Dans son testament de 778 l'évêque Rémi de Strasbourg exprime le voeu d'être enseveli dans la crypte qu'il avait fait construire. Les fouilles pratiquées au chevet de l'édifice actuel ont mis en évidence les grands traits de la cathédrale carolingienne qui apparaît avec trois nefs et trois absides.


Deux incendies succesifs, en 1002 et 1007, détruisirent totalement cette église qui fut remplacée par une quatrième dont la construction, débutée en 1015, s'achéva en 1023. En 1176, un nouvel incendie conduisit à une nouvelle construction qui ne commença qu'en 1190. C'est cette dernière qui est la base de la cathédrale actuelle.

La souche de l'absisde et de la crypte, qui fut agrandie au XIIe siècle, ont été conservées de la basilique précédente.
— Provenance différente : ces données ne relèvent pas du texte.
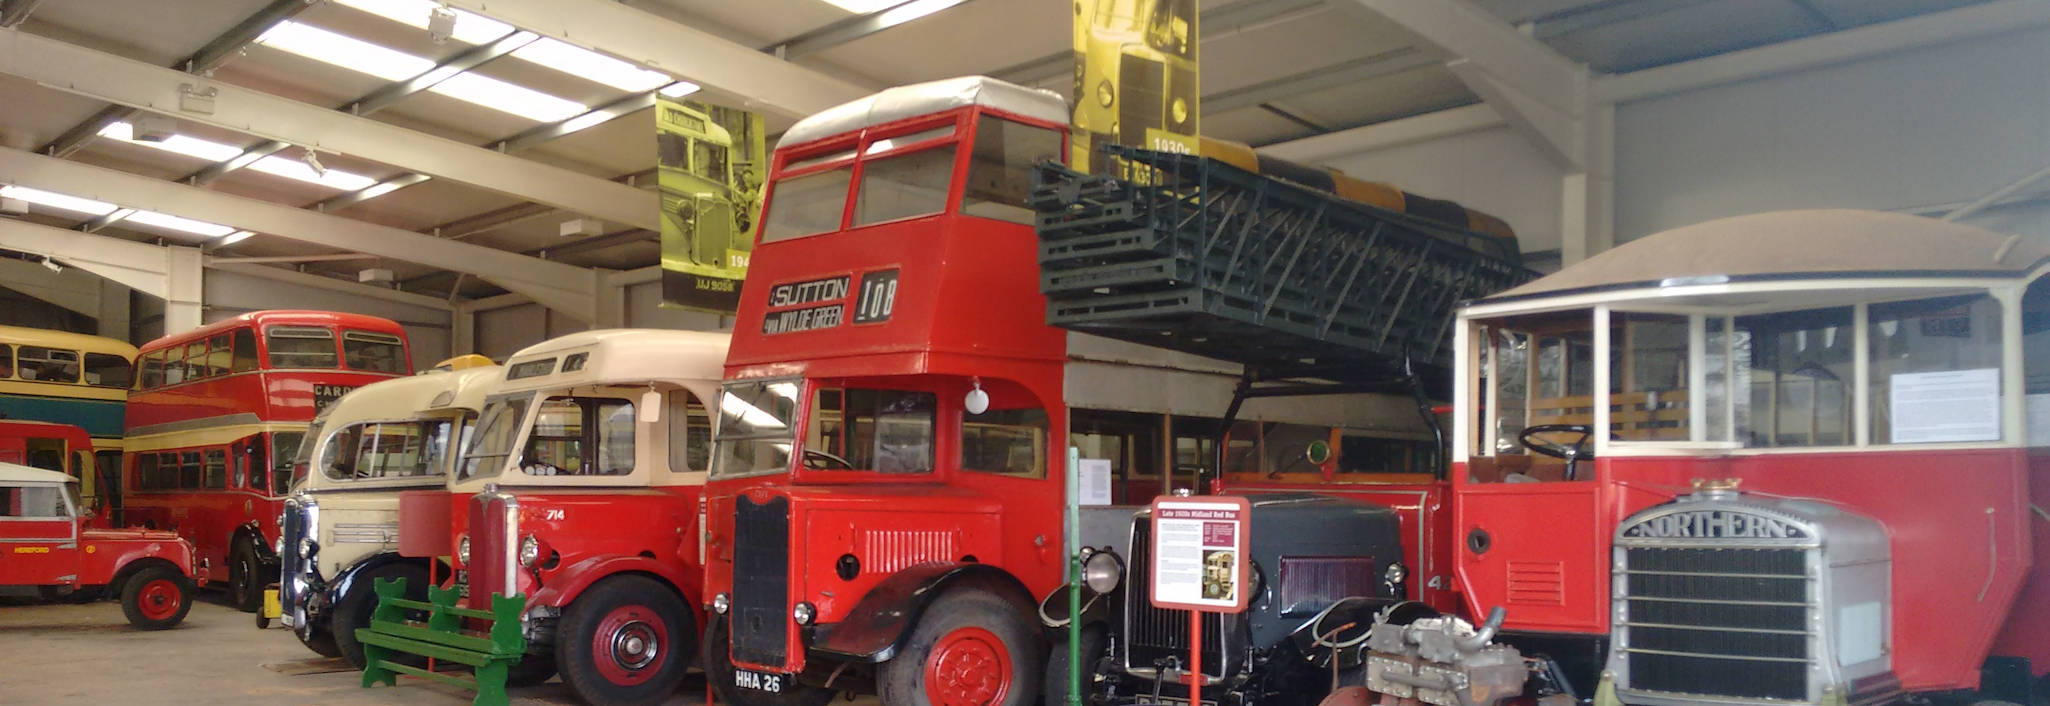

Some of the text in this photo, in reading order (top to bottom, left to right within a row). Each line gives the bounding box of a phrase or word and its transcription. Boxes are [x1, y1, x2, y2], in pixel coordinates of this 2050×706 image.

Construite en plusieurs étapes, de 1190 à 1439, et par de nombreux maîtres d'oeuvre, plusieurs projets ambitieux ne virent jamais le jour ou, débutés, furent abandonnés, repris et transformés par les maîtres successifs. L'aspect actuel de dissymétrie des tours est dû à l'écroulement d'une tour plus petite du pylône Sud, qui ne fut jamais reconstruite.


Quelques rénovations eurent lieu par la suite, notamment en 1654, quand la flèche actuelle fut atteinte par la foudre.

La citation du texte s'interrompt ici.